### Entries provided
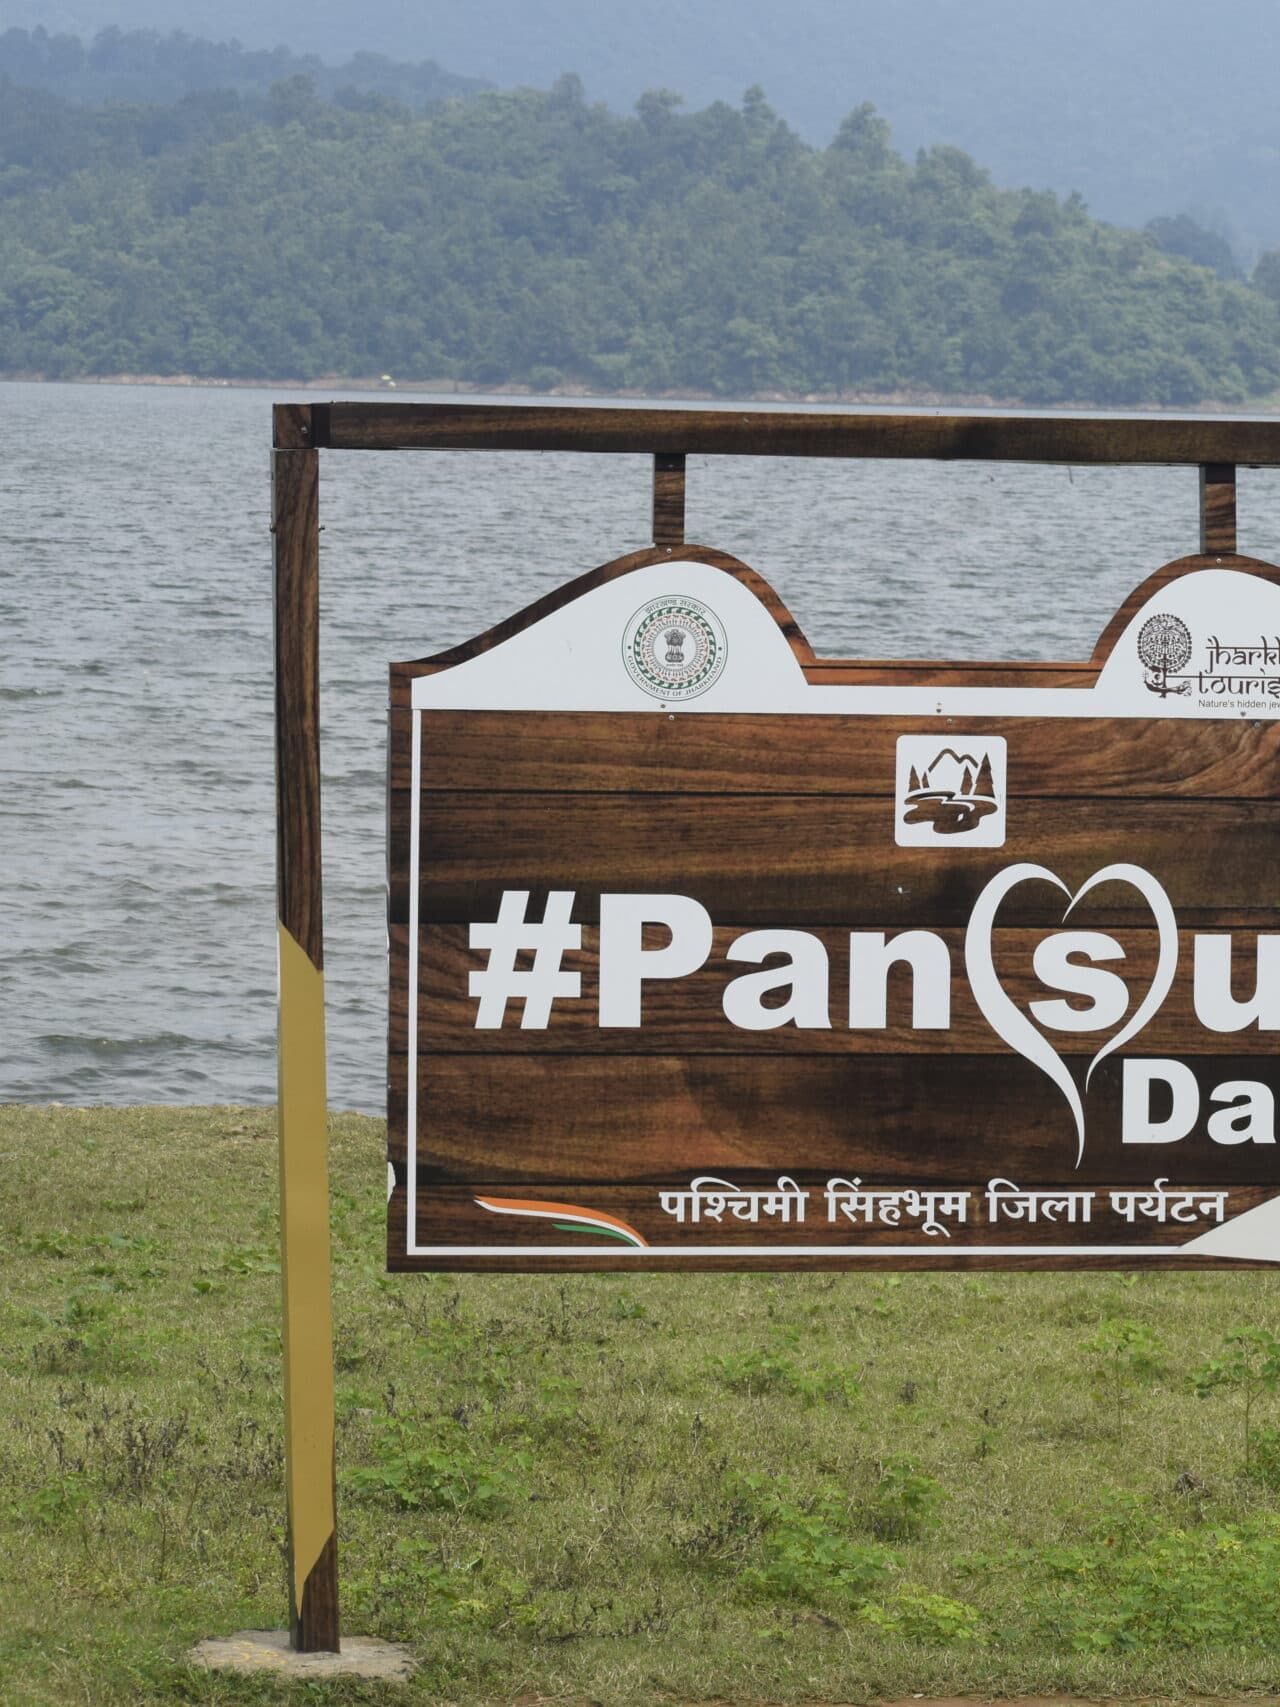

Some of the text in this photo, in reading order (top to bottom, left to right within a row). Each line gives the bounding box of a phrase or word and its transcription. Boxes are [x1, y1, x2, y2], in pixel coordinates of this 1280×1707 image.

[627, 655, 670, 697] GOVERNMENT
[685, 656, 722, 696] JHARKHAND
[1198, 699, 1235, 709] Nature's
[1237, 699, 1267, 709] hidden
[658, 1176, 1229, 1238] पश्चिमी सिंहभूम जिला पर्यटन
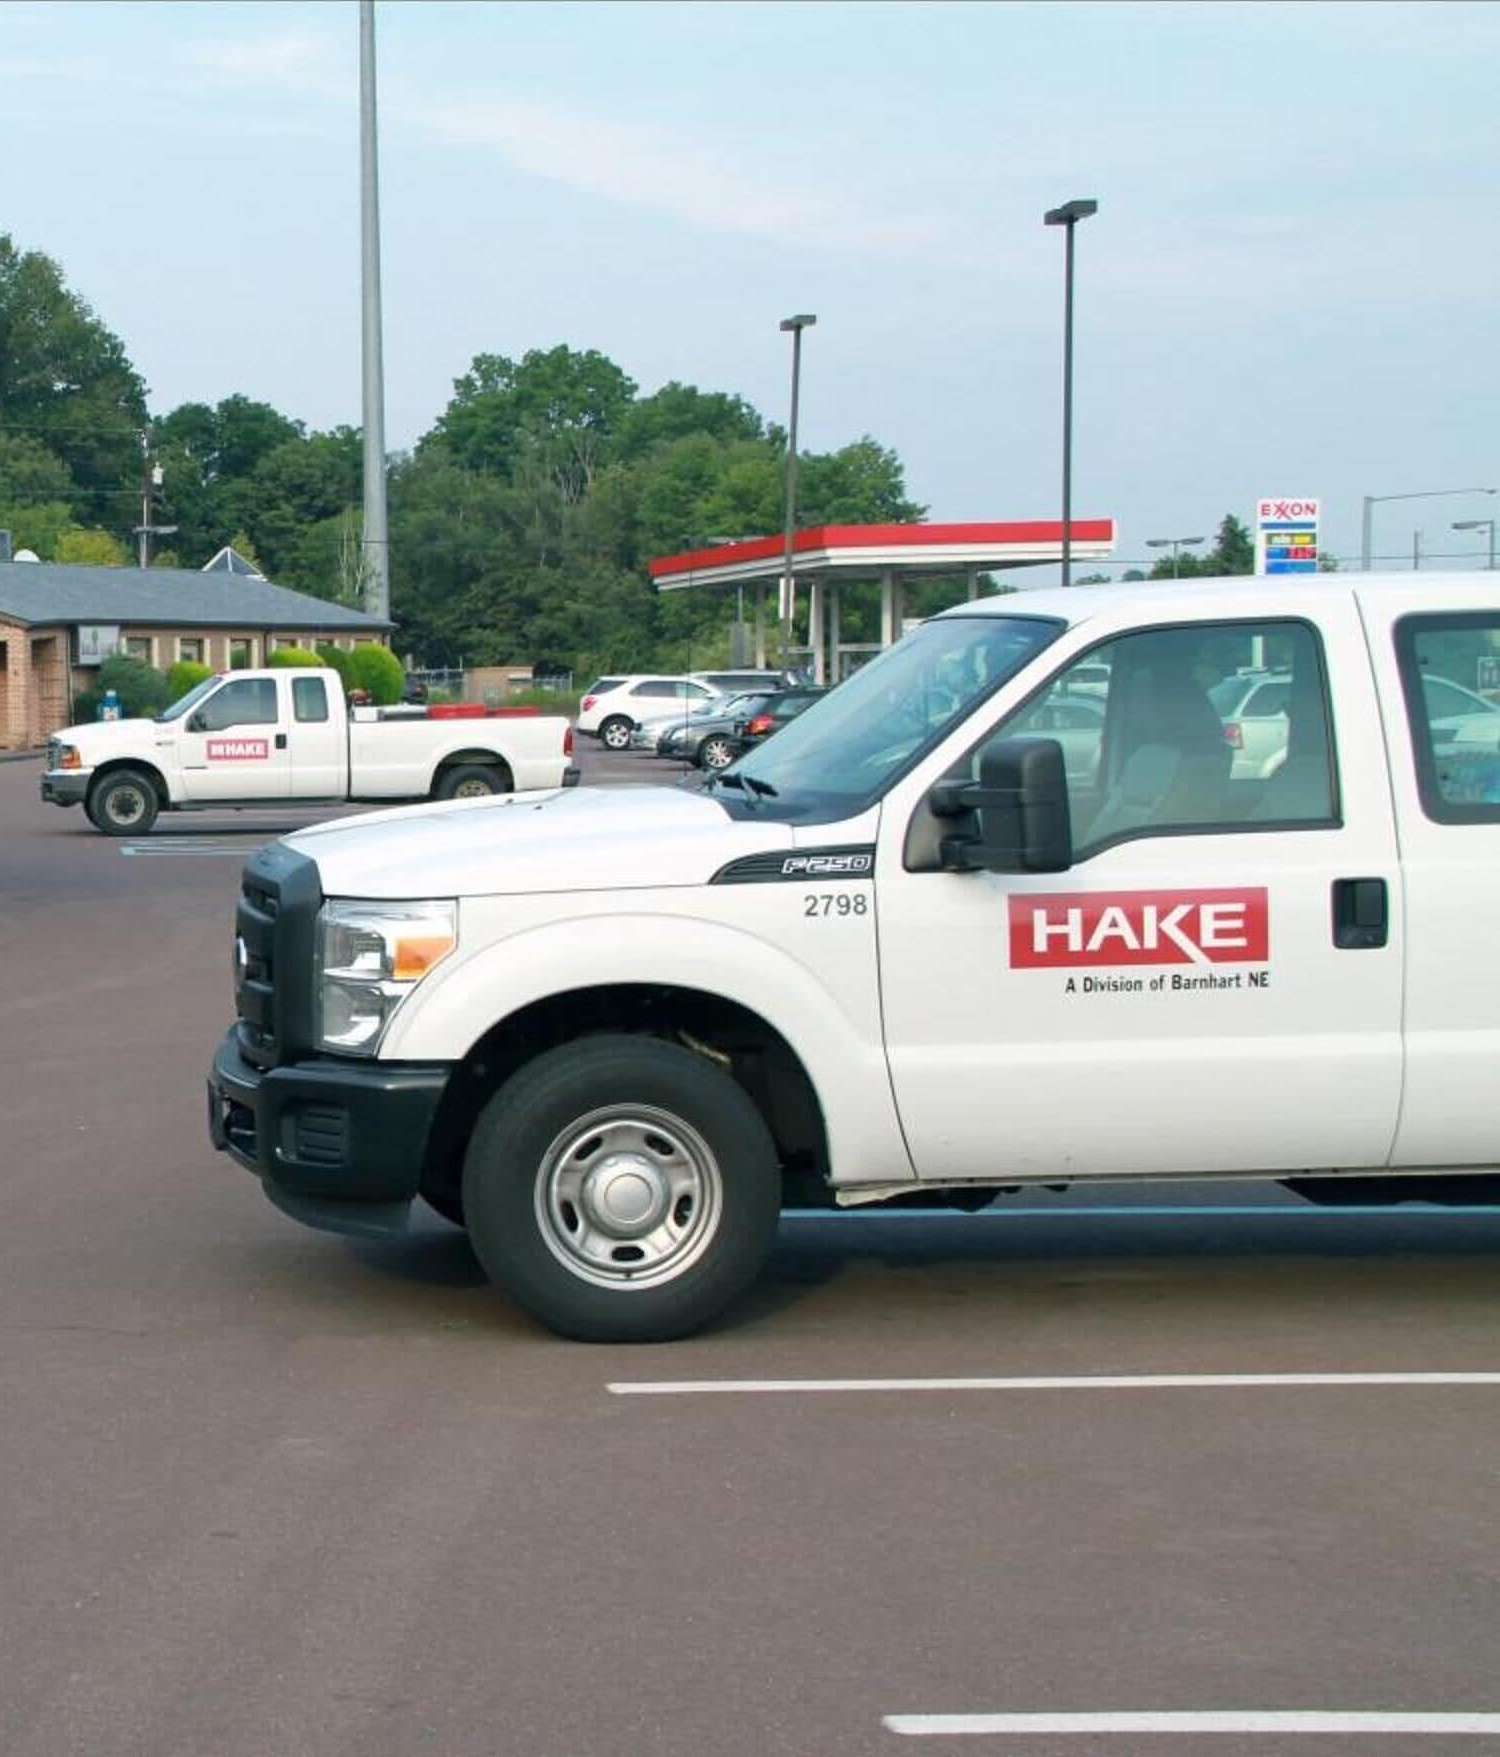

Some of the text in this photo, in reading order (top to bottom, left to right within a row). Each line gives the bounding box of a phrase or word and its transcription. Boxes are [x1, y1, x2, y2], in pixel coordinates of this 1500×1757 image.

[1261, 502, 1316, 520] EXXON
[804, 894, 867, 916] 2798
[1033, 902, 1248, 963] HAKE
[1065, 971, 1269, 993] A Division of Barnhart NE

### Work order
The answer must be the full listing above, copied exactly, with no pictures in it.

### Response box
Some of the text in this photo, in reading order (top to bottom, left to right within a row). Each line gives the bounding box of a phrase or word and its transcription. Boxes are [x1, y1, x2, y2], in pixel coordinates of this 1280×1707 image.

[627, 655, 670, 697] GOVERNMENT
[685, 656, 722, 696] JHARKHAND
[1198, 699, 1235, 709] Nature's
[1237, 699, 1267, 709] hidden
[658, 1176, 1229, 1238] पश्चिमी सिंहभूम जिला पर्यटन

Some of the text in this photo, in reading order (top to bottom, left to right within a row). Each line gives the bounding box of a phrase or word and its transcription. Boxes are [x1, y1, x2, y2], in pixel coordinates of this 1500×1757 image.

[1261, 502, 1316, 520] EXXON
[804, 894, 867, 916] 2798
[1033, 902, 1248, 963] HAKE
[1065, 971, 1269, 993] A Division of Barnhart NE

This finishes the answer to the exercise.